How the Numbers Compare to Prior Cycles

The 30.6% mainland share in high/very-high tiers is broadly consistent with the structural read of recent years; the change in the 2026 release is the more granular regional and infrastructure overlay rather than a re-rating of the headline percentage. The 51,115-resident headcount is the more meaningful operational number for civil-protection planners, because it gives municipalities and the bombeiros a defensible population denominator for the plano municipal de defesa da floresta contra incêndios and the aldeias seguras registration files that drive resource allocation through the summer.

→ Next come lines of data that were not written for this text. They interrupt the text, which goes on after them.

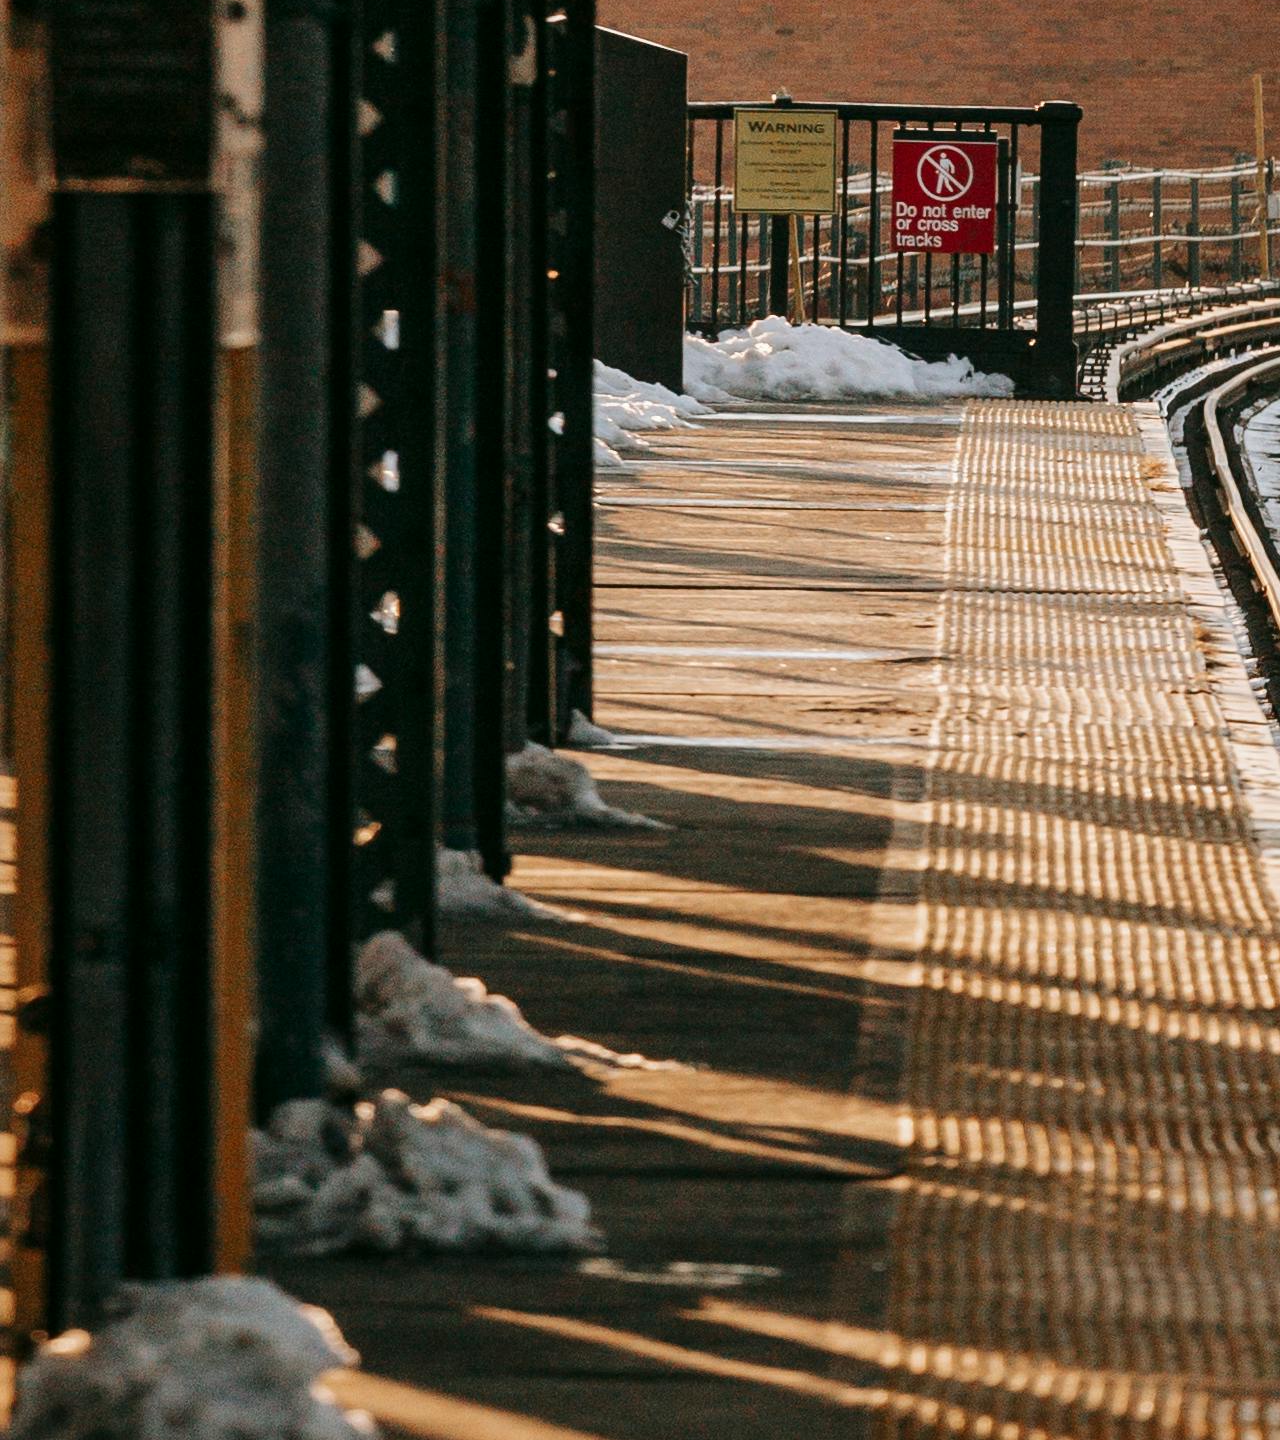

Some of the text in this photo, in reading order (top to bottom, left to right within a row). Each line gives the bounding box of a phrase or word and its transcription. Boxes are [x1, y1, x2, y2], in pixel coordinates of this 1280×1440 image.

[748, 121, 824, 133] WARNING
[896, 202, 991, 219] Do not enter
[896, 218, 959, 232] or cross
[896, 232, 942, 247] tracks
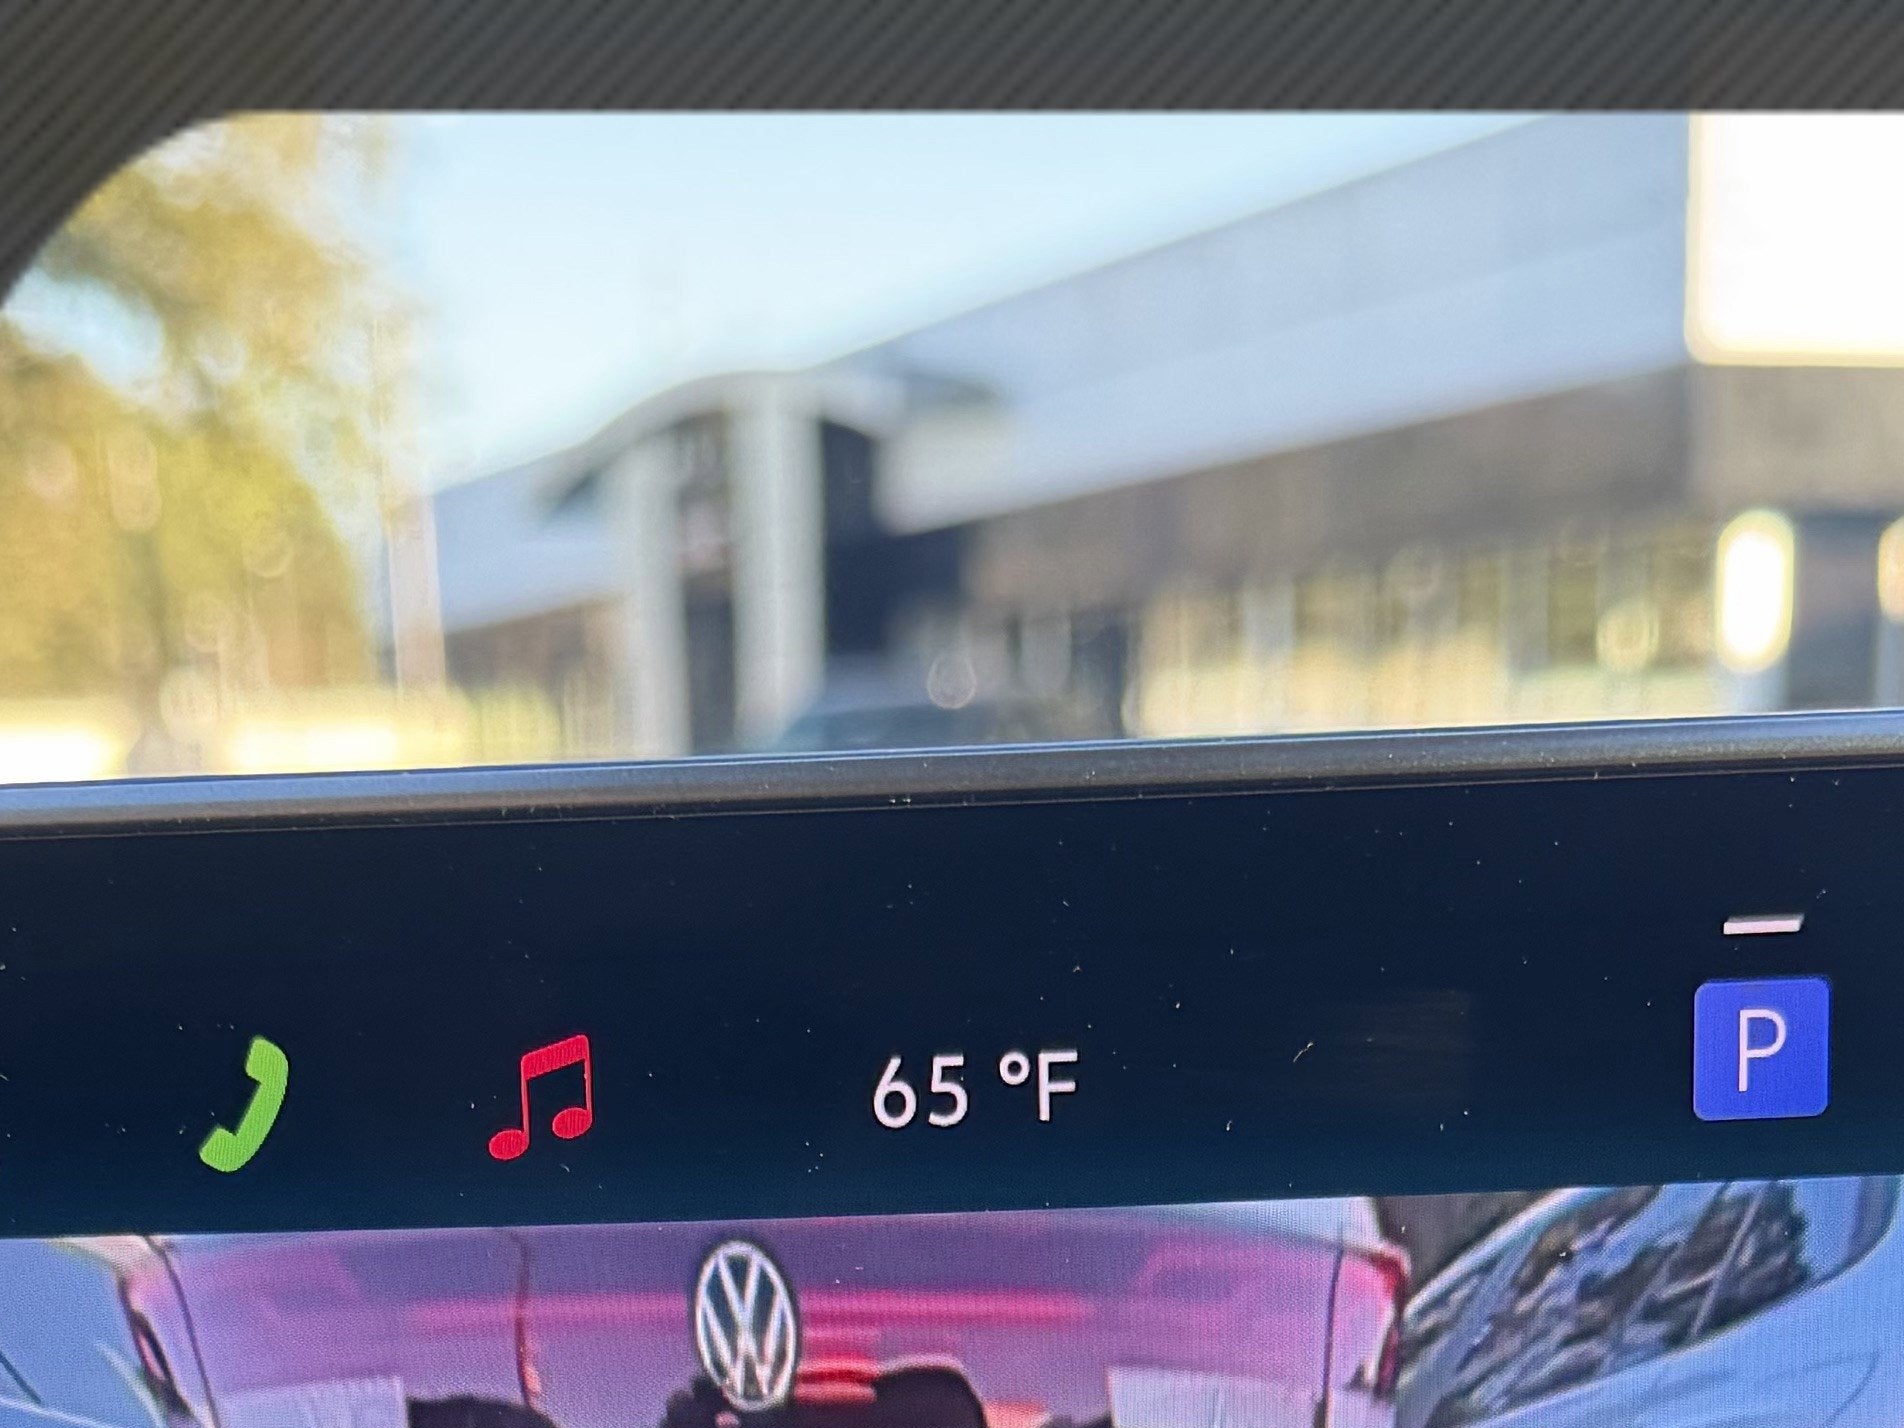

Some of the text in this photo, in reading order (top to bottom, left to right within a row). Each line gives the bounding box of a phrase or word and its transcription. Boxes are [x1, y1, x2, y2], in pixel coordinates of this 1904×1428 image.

What This Means for Expats

  • Foreign residents in the interior: if your property is in Centro or Norte, the structural hazard map is the document to read before the summer; the faixas de gestão de combustível obligation to clear a defined perimeter around buildings is enforceable and the municipal câmara will inspect.
  • Buyers shopping in Trás-os-Montes, the Beiras or the Serra da Estrela perimeter: ask the seller's solicitador for the parcel's classification under the rural-fire-hazard map; the classification feeds into both the building-permit constraints and the insurance pricing for the policy bundle.
  • Holiday-home owners: the Aldeias Seguras / Pessoas Seguras programme registration with the local câmara is the operational route to a self-protection plan; the registration is free and the municipal civil-protection office runs the briefing for residents.
  • Households inside the hazard zones: the SMS-based Alerta SMS push from ANEPC, the 112 emergency line, the INEM number for medical emergencies and the 112.pt citizen portal are the four operational contacts; the population-tightness data in the INE release is the reason ANEPC has prioritised the SMS layer for these zones.
  • Insurance: dwelling insurance for properties in high/very-high categories carries a fire-risk loading that the major Portuguese insurers — Fidelidade, Tranquilidade, Allianz, Generali — price off the same ICNF hazard map; a mid-summer renewal is the right time to confirm the loading is reflected.

Source: Instituto Nacional de Estatística — Destaque do INE, 'Áreas de perigosidade de incêndio rural', 22 May 2026; Programa Nacional de Gestão Integrada de Fogos Rurais (PNGIFR) and ICNF rural-fire-hazard cartography for the underlying classification framework.